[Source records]
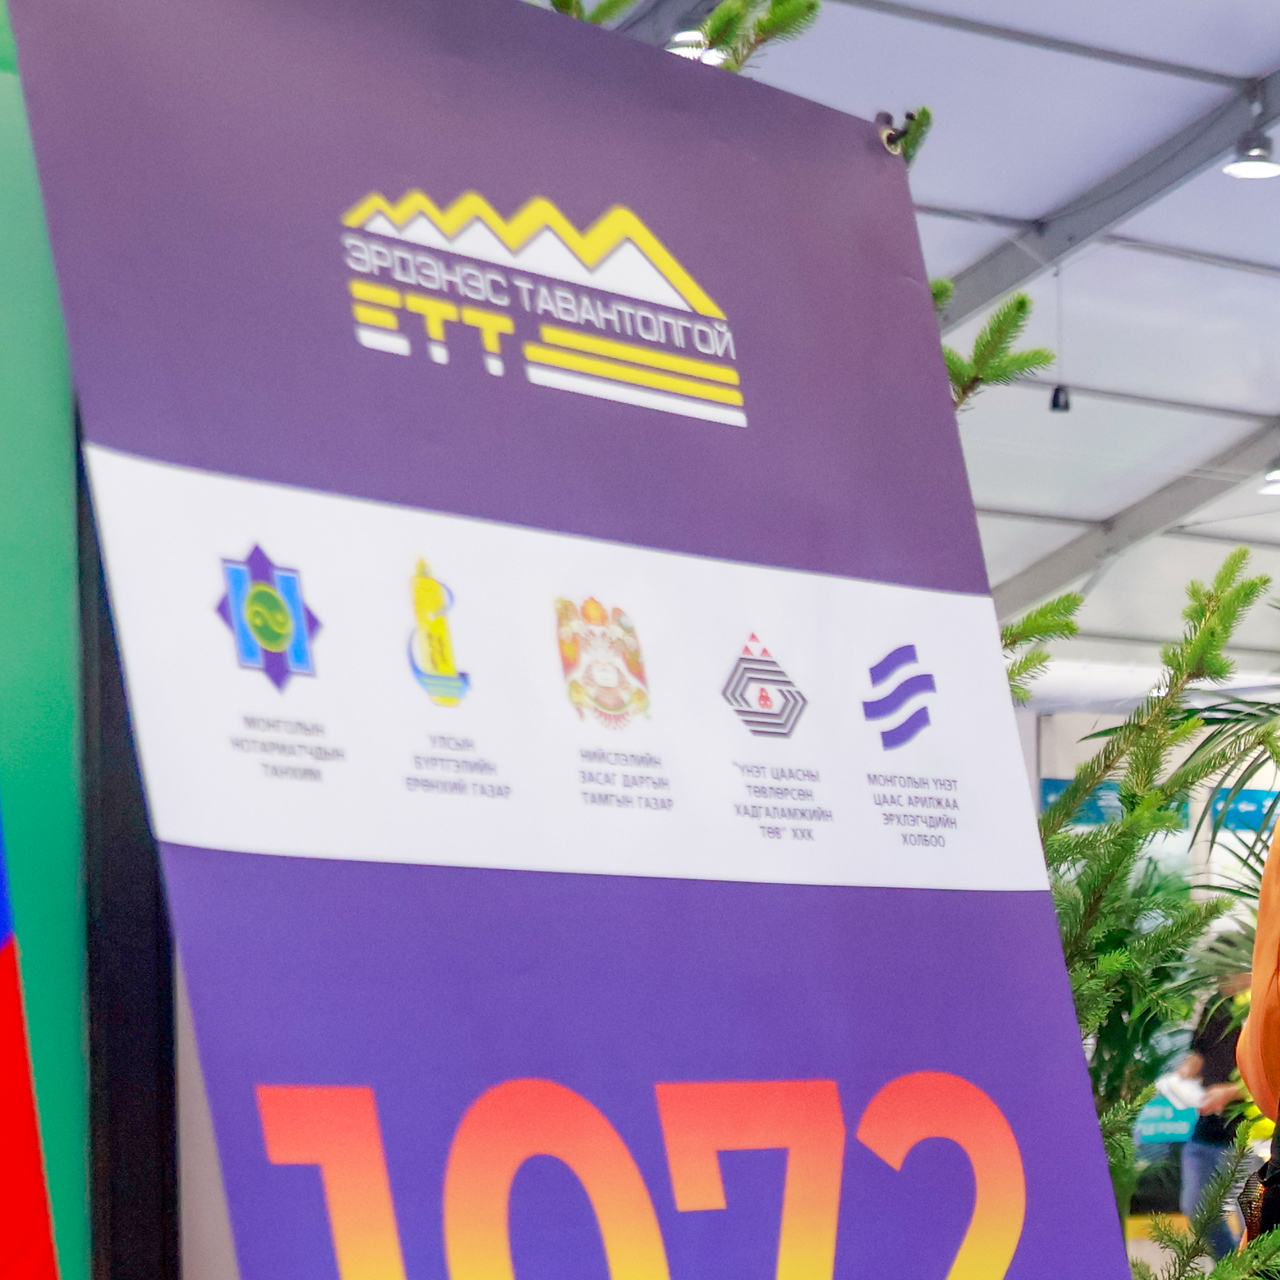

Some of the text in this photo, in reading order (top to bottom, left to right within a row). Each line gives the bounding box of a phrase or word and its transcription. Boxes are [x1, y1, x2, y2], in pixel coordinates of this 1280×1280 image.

[342, 235, 737, 361] ЭРДЭНЭС ТАВАНТОЛГОЙ
[578, 770, 670, 790] ЗАСАГ ДАРГЫН
[770, 766, 821, 783] ЦААСНЫ
[867, 773, 958, 793] МОНГОЛЫН ҮНЭТ
[472, 782, 512, 800] ГАЗАР
[746, 784, 814, 802] ТӨВЛӨРСӨН
[637, 795, 675, 812] ГАЗАР
[873, 793, 960, 811] ЦААС АРИЛЖАА
[733, 803, 834, 823] ХАДГАЛАМЖИЙН
[882, 812, 958, 830] ЭРХЛЭГЧДИЙН
[792, 827, 815, 842] ХХК
[901, 832, 946, 848] ХОЛБОО

* **Exercise objective**: Output all the records, word for word, with no pictures in the copy.

* **The answer**:
Some of the text in this photo, in reading order (top to bottom, left to right within a row). Each line gives the bounding box of a phrase or word and its transcription. Boxes are [x1, y1, x2, y2], in pixel coordinates of this 1280×1280 image.

[342, 235, 737, 361] ЭРДЭНЭС ТАВАНТОЛГОЙ
[578, 770, 670, 790] ЗАСАГ ДАРГЫН
[770, 766, 821, 783] ЦААСНЫ
[867, 773, 958, 793] МОНГОЛЫН ҮНЭТ
[472, 782, 512, 800] ГАЗАР
[746, 784, 814, 802] ТӨВЛӨРСӨН
[637, 795, 675, 812] ГАЗАР
[873, 793, 960, 811] ЦААС АРИЛЖАА
[733, 803, 834, 823] ХАДГАЛАМЖИЙН
[882, 812, 958, 830] ЭРХЛЭГЧДИЙН
[792, 827, 815, 842] ХХК
[901, 832, 946, 848] ХОЛБОО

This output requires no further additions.